The responsibility of supporting SMMEs to help resuscitate South Africa’s economic hub falls squarely on the City of Joburg and the partnerships it forges, according to Economic Development MMC Thomas Mofokeng. Mofokeng said the city had a number of public/private partnerships in place to give SMMEs a much-needed shot in the arm following the Covid-19 pandemic and recent civil unrest.
These included supporting informal traders, improving infrastructure for SMMEs, and reviving and building key economic zones. Mofokeng was speaking at the Partnership Dialogue hosted last week at the Sandton-based SMME startup campus 22 On Sloane. He said the city’s economic recovery plan had been divided into phases. “The first phase included mobilising resources to respond to the immediate impact of Covid-19,” the MMC said.
“The second phase included temporary operating permits for informal traders and spaza shops that are valid for a month until after lockdown is lifted,” Mofokeng said these first phases were critical to promoting the informal economy, which was the hardest hit and did not have the financial muscle to rebuild businesses.

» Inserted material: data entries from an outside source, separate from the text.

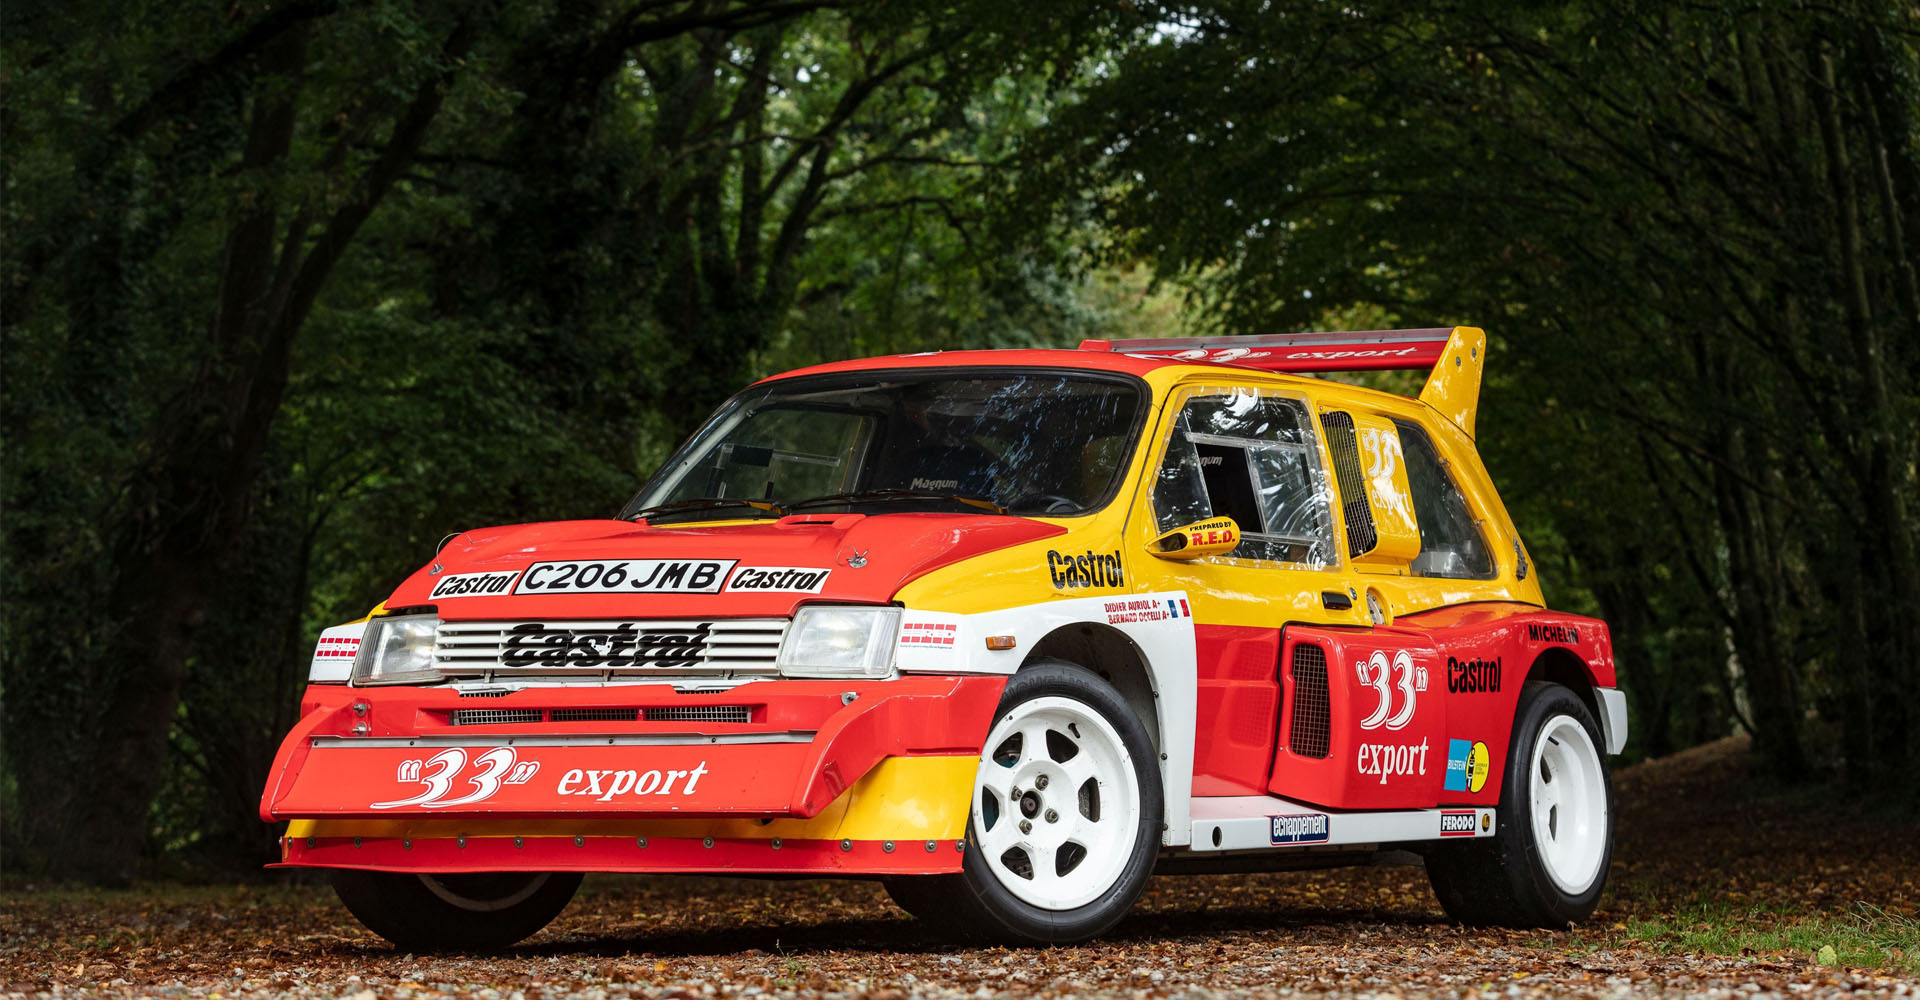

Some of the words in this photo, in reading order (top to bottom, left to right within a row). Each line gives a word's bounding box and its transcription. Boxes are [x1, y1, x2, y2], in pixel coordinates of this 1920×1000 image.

[1286, 346, 1419, 359] export
[909, 477, 959, 491] Magnum
[1189, 522, 1223, 531] PREPARED
[1192, 530, 1236, 546] R.E.D.
[525, 563, 630, 589] C206
[630, 563, 721, 589] JMB
[730, 568, 830, 590] Castrol
[1047, 550, 1124, 589] Castrol
[433, 572, 520, 597] Castrol
[1104, 602, 1127, 613] DIDIER
[1128, 600, 1151, 611] AURIOL
[1152, 599, 1161, 609] A+
[1107, 612, 1138, 625] BERNARD
[1162, 610, 1170, 620] A+
[1528, 624, 1579, 644] MICHELIN
[502, 623, 714, 667] Castrol
[1447, 656, 1501, 693] Castrol
[1357, 736, 1429, 784] export
[557, 760, 709, 801] export
[1442, 815, 1475, 830] FERODO

Mofokeng said that the city would also improve infrastructure and use already existing city property to house SMMEs and informal traders.
“The city is using the economic and social infrastructure programmes to boost economic recovery (to the tune of R10 billion) and will partner with the province in the development of the Frater Lanseria Plan,” he pointed out. “The city is also in charge of city properties, and we are looking at housing (informal and small) businesses in one location so that we know where we will find them. “We have also targeted 500 cooperatives to ensure that they are sustainable and that they will succeed in doing business,” Mofokeng said.
He also announced projects for SMMEs in Johannesburg’s regions. “We are piloting a series of mentoring programmes for SMMEs per region,” he said. “We have developed an implementation model for SMMEs, informal traders and the Cooperatives Support Grant Programme.”
The MMC made some recommendations to the Small Business Development Department, which he said would benefit SMMEs. “We think that the department must consider reviewing the six months business operation requirement on the (Township and Rural Enterprise Development) schemes and must consider providing a grant portion for the automotive scheme,” he said. “It is also recommended that the department gives SMMEs and informal traders an option to access the benefit of bulk buying if they don’t need the financial support.”